Much respect, Edwyrd, for how you have said this. Thanks for this reply.
Edwyrd theurj Burj said:
You're welcome to disagree Ambo. Though I'd prefer if you'd cite specific examples of things I've provided and then give specific arguments against them.
See Taibbi's article on the establishment Dems here. Many in the establishment are thinking they don't need the Berners because they have all the other Dems sewn up. They think of the Berners as far outside the mainstream to affect much. Consequently, they can dispense with the Bern's agenda, it too being unsupported by the majority. This is in part due to the fact that they live in a bubble and hate their constituents, because the former are enlightened and know how the game is played and the latter are ignorant rubes to be manipulated instead of listened to.
Taibbi warns that they're missing the huge revolt against establishment politics, including their own Party. The reason it is gaining so much momentum is because Sanders not only listens to we the people but fights to enact legislation for our benefit. We not only feel but know he's on our side, as well as that the establishment Party votes to maintain their own power and that of the status quo oligarchy who supports their campaigns. So with Clinton as the nominee they think the revolution is over and things can return to normal.
They have no idea that the revolution has just begun and we're coming after their jobs. And we're also going to organize new Parties and/or join existing Parties where progressives have a genuine home. Much like the Republican Party collapsed this cycle, that same story is coming to the Democratic Party. And soon.
Forget the lesser evil; fight for the greater good. Jill Stein of the Green Party lays it out. The two-party system is broken beyond repair. We need a multi-party democracy. In fact, democracy demands it. That is, if you want democracy?
Forget the lesser evil; fight for the greater good. Jill Stein of the Green Party lays it out.
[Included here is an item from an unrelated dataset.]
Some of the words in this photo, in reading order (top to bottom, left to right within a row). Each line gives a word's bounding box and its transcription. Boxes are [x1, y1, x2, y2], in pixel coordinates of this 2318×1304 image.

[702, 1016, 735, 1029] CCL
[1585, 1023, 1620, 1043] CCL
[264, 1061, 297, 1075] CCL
The two-party system is broken beyond repair. We need a multi-party democracy. In fact, democracy demands it. That is, if you want democracy?
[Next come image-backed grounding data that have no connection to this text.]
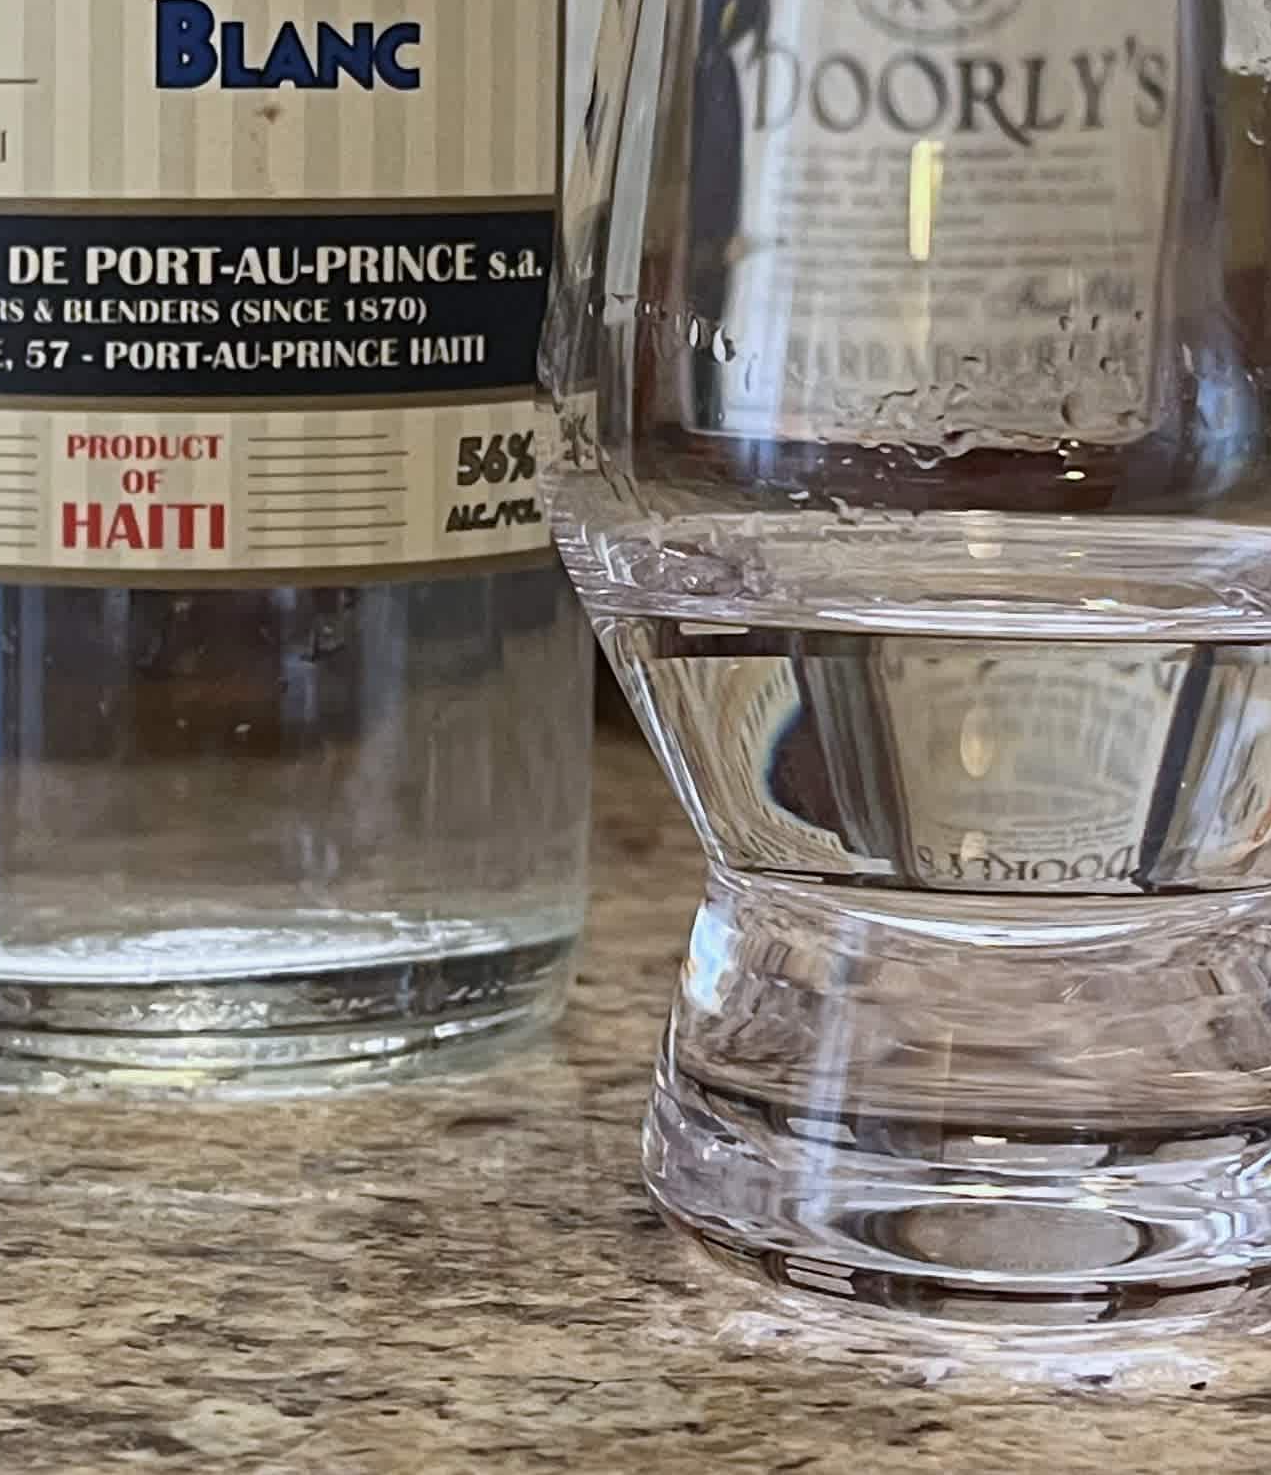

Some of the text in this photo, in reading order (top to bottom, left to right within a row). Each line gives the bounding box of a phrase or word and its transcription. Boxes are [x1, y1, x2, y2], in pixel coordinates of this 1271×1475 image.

[7, 245, 70, 286] DE
[84, 243, 477, 286] PORT-AU-PRINCE
[487, 247, 544, 280] s.a.
[33, 297, 54, 324] &
[63, 298, 220, 325] BLENDERS
[230, 297, 331, 328] (SINCE
[343, 296, 428, 326] 1870)
[24, 340, 70, 369] 57
[104, 337, 400, 371] PORT-AU-PRINCE
[409, 334, 486, 365] HAITI
[66, 433, 225, 461] PRODUCT
[456, 428, 537, 487] 56%
[121, 467, 168, 494] OF
[61, 501, 226, 550] HAITI
Robert Reich on a Third Party in this FB post:
"Regardless of what Bernie decides to do over the next month, several of you have suggested that he establish a third party -- the New Progressive Party -- that would continue to build the movement to reclaim our democracy and economy from the moneyed interests. It would recruit and support Senate and House candidates for the 2018 midterms, and run a presidential candidate in 2020. It would be a membership organization based on small contributions -- and would continue to mobilize, organize, and energize the political revolution Bernie began."
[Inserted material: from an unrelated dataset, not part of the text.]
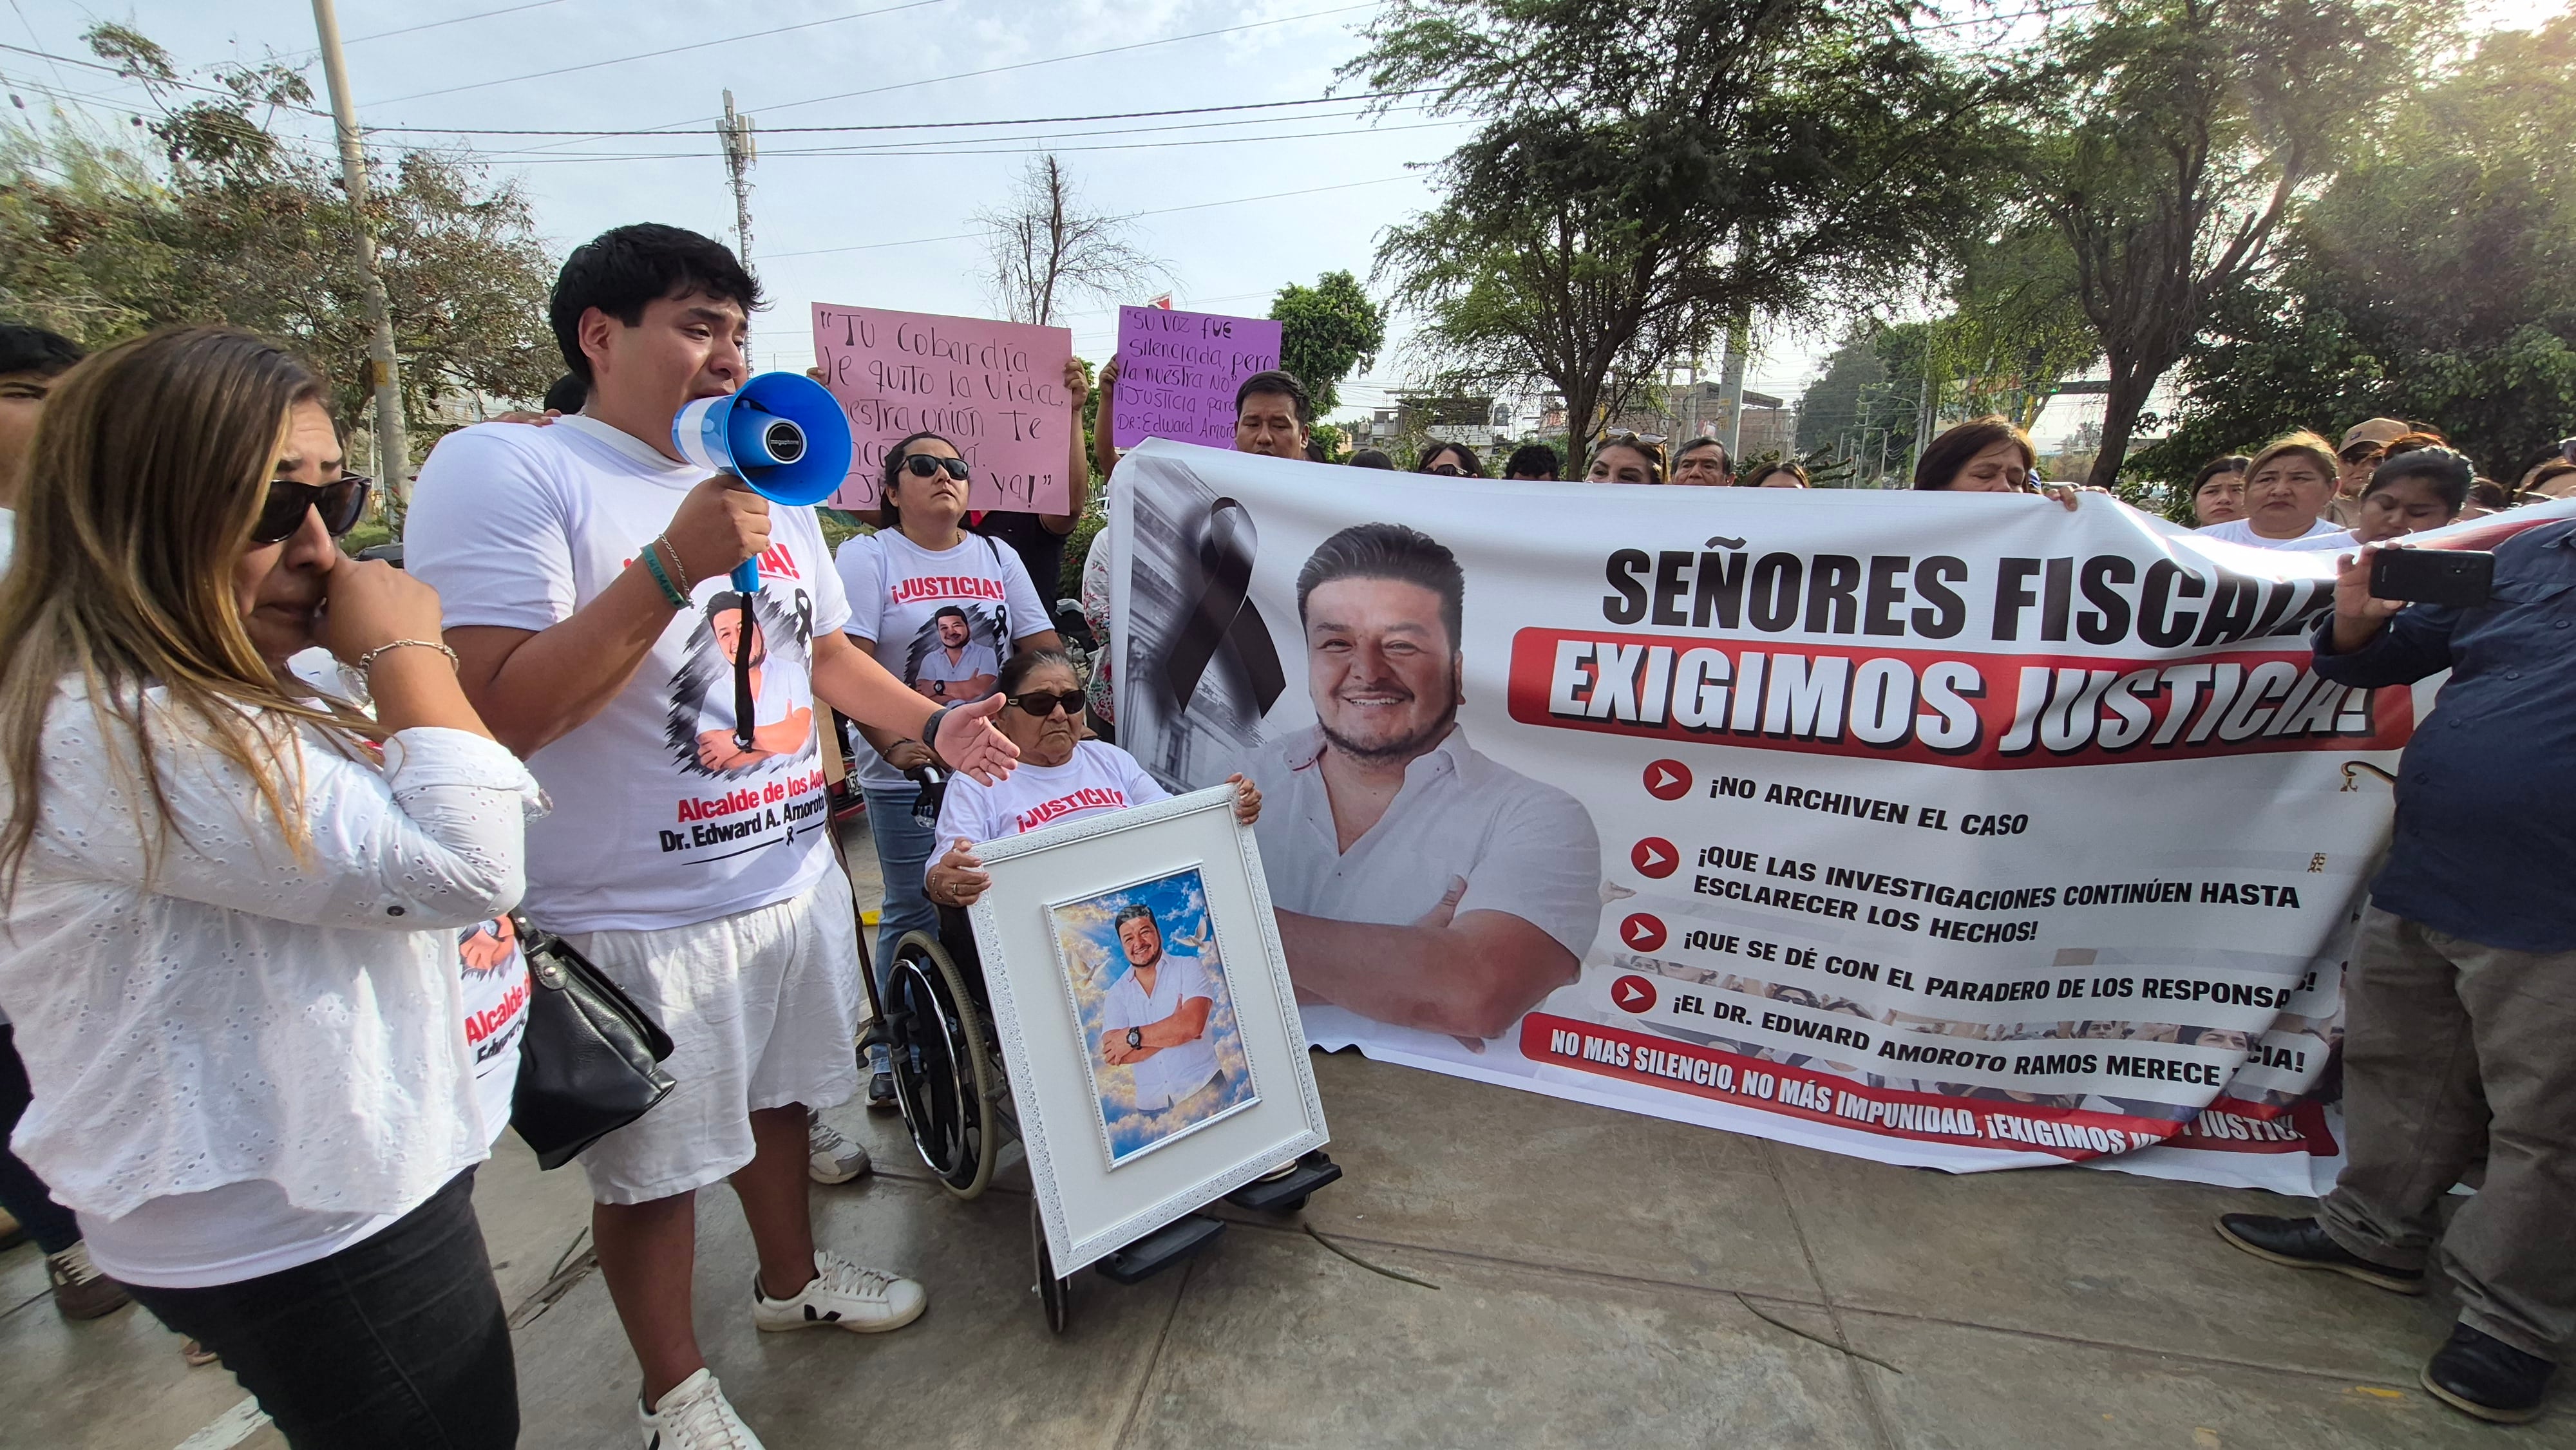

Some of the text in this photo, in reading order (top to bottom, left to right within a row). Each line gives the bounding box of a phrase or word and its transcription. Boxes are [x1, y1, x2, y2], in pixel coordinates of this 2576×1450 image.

Ambo, when one campaigns they must make short and to the point commercials. And so with Stein. To expect a nuanced and in-depth discussion of policy in such commercials is expecting too much. If you want more info try Stein's home page, especially her platform (very similar to Sanders, btw). And then there's the Green Party page, as she is their candidate. As to an AQAL analysis, I don't find such things at all helpful.
Sanders is still naive about the Democratic Party. In this video he says that he'll work with Clinton to defeat Trump. But he'll also not concede until the convention because he wants to reform the Democratic Party platform to include our progressive agenda. It's time the Party worked for we the people again instead of its wealthiest constituents. I admire that Sanders is trying to reform a corrupt Party. And they will undoubtedly make progressive concessions at the convention. But he will learn that it's only for show to get the progressive vote, and they'll ignore those concessions going forward. And apparently that's what it's going to take for him to finally give up on the Party and direct his movement toward an alternative progressive Party and/or join the Green Party.